From the first line to the last, print the records exactly, leaving out the pictures.

= Beginning of Section =

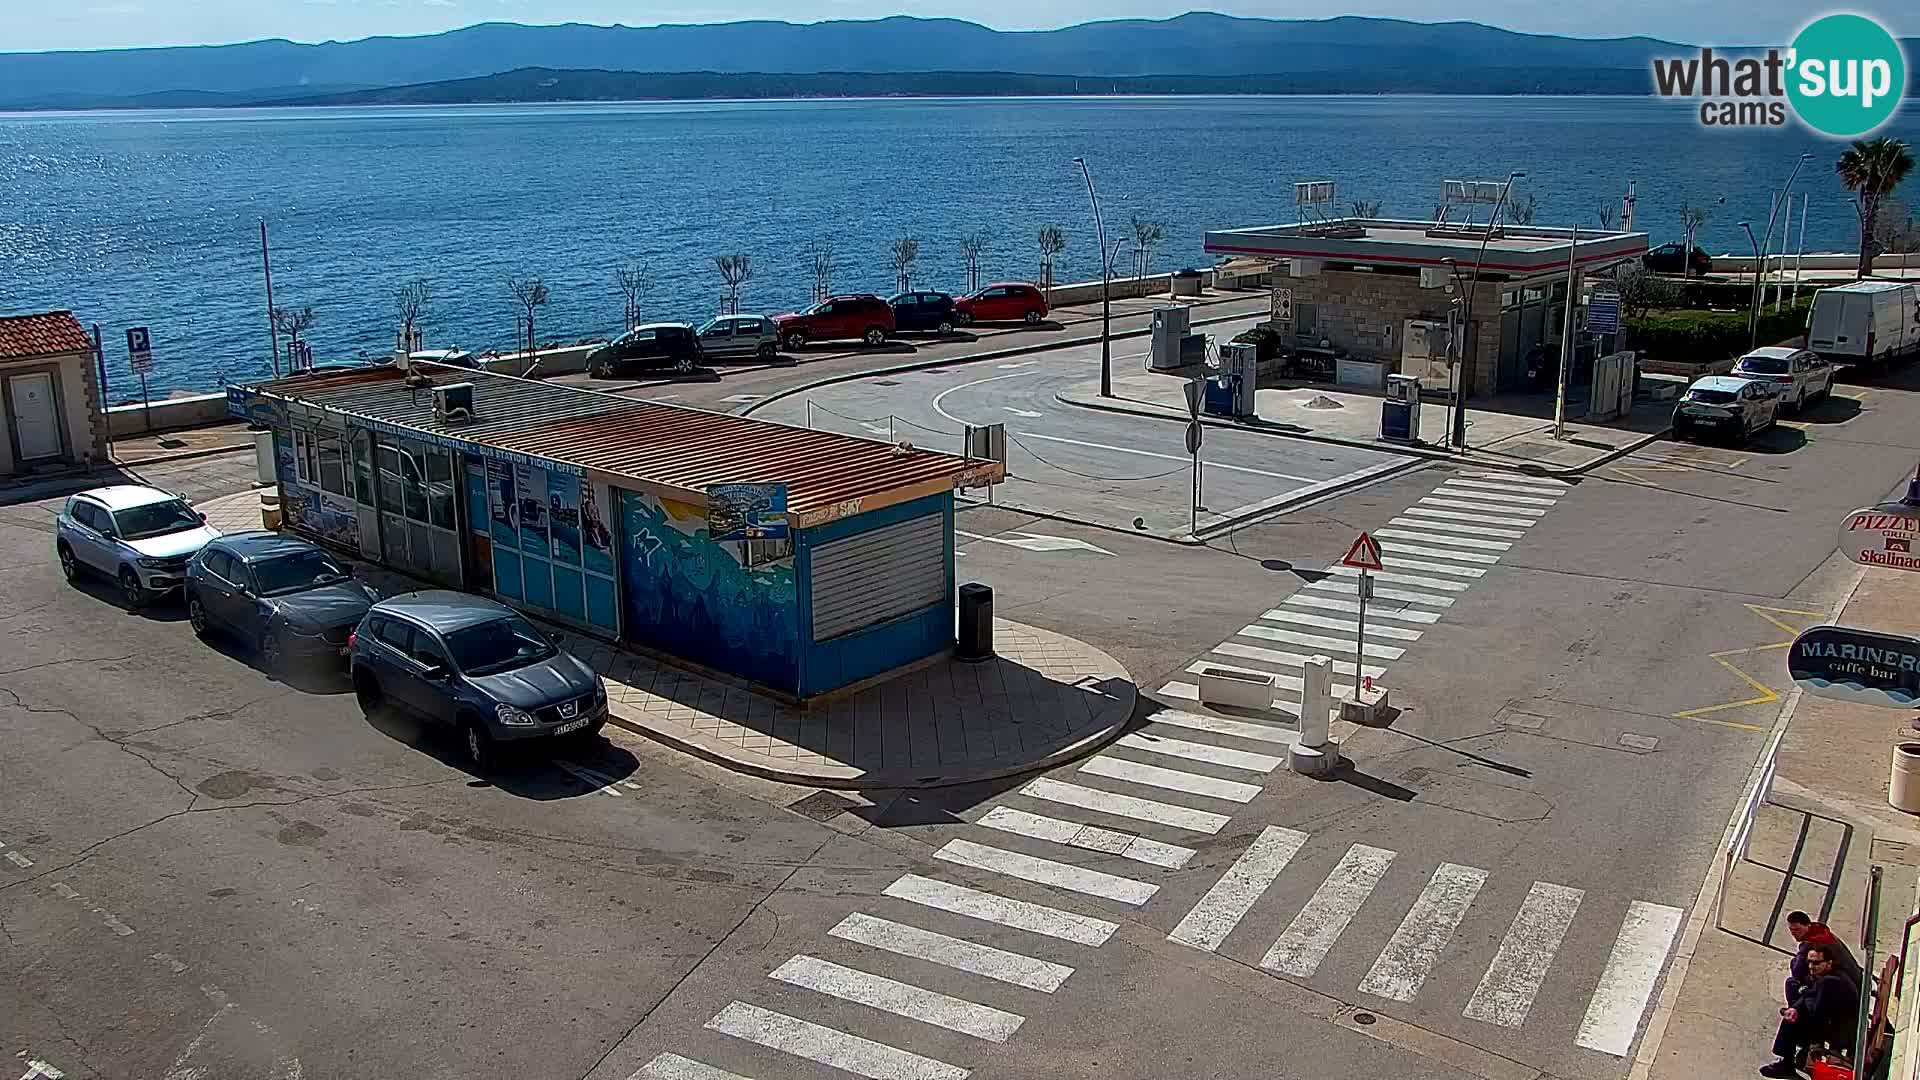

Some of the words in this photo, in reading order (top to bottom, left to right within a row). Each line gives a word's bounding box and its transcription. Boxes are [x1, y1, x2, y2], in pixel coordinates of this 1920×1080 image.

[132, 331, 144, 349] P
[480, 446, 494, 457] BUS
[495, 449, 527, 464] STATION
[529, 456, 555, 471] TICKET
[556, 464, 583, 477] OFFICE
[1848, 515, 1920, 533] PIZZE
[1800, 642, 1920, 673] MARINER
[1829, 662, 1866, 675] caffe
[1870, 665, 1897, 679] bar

= End of Section =

_Completed task_:
Some of the words in this photo, in reading order (top to bottom, left to right within a row). Each line gives a word's bounding box and its transcription. Boxes are [x1, y1, x2, y2], in pixel coordinates of this 1920×1080 image.

[132, 331, 144, 349] P
[480, 446, 494, 457] BUS
[495, 449, 527, 464] STATION
[529, 456, 555, 471] TICKET
[556, 464, 583, 477] OFFICE
[1848, 515, 1920, 533] PIZZE
[1800, 642, 1920, 673] MARINER
[1829, 662, 1866, 675] caffe
[1870, 665, 1897, 679] bar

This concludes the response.